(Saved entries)
##########

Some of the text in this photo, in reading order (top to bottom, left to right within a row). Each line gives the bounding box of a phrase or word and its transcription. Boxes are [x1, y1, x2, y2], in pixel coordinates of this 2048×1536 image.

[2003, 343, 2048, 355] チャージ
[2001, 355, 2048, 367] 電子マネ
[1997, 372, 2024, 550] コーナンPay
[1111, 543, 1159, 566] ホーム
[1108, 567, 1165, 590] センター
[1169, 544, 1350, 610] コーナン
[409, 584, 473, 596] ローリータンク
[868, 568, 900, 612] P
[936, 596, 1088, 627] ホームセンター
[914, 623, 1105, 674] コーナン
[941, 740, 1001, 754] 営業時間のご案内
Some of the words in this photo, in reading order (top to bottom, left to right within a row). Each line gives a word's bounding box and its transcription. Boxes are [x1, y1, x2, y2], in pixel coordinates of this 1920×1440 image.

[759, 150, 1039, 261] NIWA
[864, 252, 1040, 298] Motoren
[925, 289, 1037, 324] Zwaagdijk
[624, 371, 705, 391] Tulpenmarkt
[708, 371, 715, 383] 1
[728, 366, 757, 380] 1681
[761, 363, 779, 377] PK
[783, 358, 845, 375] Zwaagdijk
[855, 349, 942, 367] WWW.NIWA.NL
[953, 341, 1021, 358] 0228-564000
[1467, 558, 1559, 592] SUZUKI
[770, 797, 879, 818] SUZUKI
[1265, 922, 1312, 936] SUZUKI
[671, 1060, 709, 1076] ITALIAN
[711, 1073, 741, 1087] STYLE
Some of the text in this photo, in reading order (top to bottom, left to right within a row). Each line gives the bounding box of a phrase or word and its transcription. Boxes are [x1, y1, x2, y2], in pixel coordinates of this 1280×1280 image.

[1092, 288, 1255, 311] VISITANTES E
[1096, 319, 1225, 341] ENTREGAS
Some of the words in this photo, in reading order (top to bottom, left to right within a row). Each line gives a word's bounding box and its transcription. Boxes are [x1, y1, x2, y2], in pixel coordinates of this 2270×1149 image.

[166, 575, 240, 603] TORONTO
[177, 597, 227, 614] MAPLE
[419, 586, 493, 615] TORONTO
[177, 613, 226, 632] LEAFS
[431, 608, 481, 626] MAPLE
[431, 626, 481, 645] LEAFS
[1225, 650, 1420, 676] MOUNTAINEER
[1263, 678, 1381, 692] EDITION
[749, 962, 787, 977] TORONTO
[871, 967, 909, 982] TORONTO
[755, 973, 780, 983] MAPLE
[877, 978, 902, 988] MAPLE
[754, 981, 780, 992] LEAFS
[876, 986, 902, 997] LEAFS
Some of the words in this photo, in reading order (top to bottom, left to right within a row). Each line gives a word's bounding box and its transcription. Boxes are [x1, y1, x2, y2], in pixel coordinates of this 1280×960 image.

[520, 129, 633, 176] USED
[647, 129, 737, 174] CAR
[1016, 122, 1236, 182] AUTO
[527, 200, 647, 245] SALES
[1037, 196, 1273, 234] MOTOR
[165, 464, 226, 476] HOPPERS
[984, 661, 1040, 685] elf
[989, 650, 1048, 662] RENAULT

##########

- PROMPT: An exact copy is needed of the closing lines of the entries above, counting from the one that contains "this 2270×1149 image." and including it and the last.

- ANSWER FOR THIS EXERCISE:
Some of the words in this photo, in reading order (top to bottom, left to right within a row). Each line gives a word's bounding box and its transcription. Boxes are [x1, y1, x2, y2], in pixel coordinates of this 2270×1149 image.

[166, 575, 240, 603] TORONTO
[177, 597, 227, 614] MAPLE
[419, 586, 493, 615] TORONTO
[177, 613, 226, 632] LEAFS
[431, 608, 481, 626] MAPLE
[431, 626, 481, 645] LEAFS
[1225, 650, 1420, 676] MOUNTAINEER
[1263, 678, 1381, 692] EDITION
[749, 962, 787, 977] TORONTO
[871, 967, 909, 982] TORONTO
[755, 973, 780, 983] MAPLE
[877, 978, 902, 988] MAPLE
[754, 981, 780, 992] LEAFS
[876, 986, 902, 997] LEAFS
Some of the words in this photo, in reading order (top to bottom, left to right within a row). Each line gives a word's bounding box and its transcription. Boxes are [x1, y1, x2, y2], in pixel coordinates of this 1280×960 image.

[520, 129, 633, 176] USED
[647, 129, 737, 174] CAR
[1016, 122, 1236, 182] AUTO
[527, 200, 647, 245] SALES
[1037, 196, 1273, 234] MOTOR
[165, 464, 226, 476] HOPPERS
[984, 661, 1040, 685] elf
[989, 650, 1048, 662] RENAULT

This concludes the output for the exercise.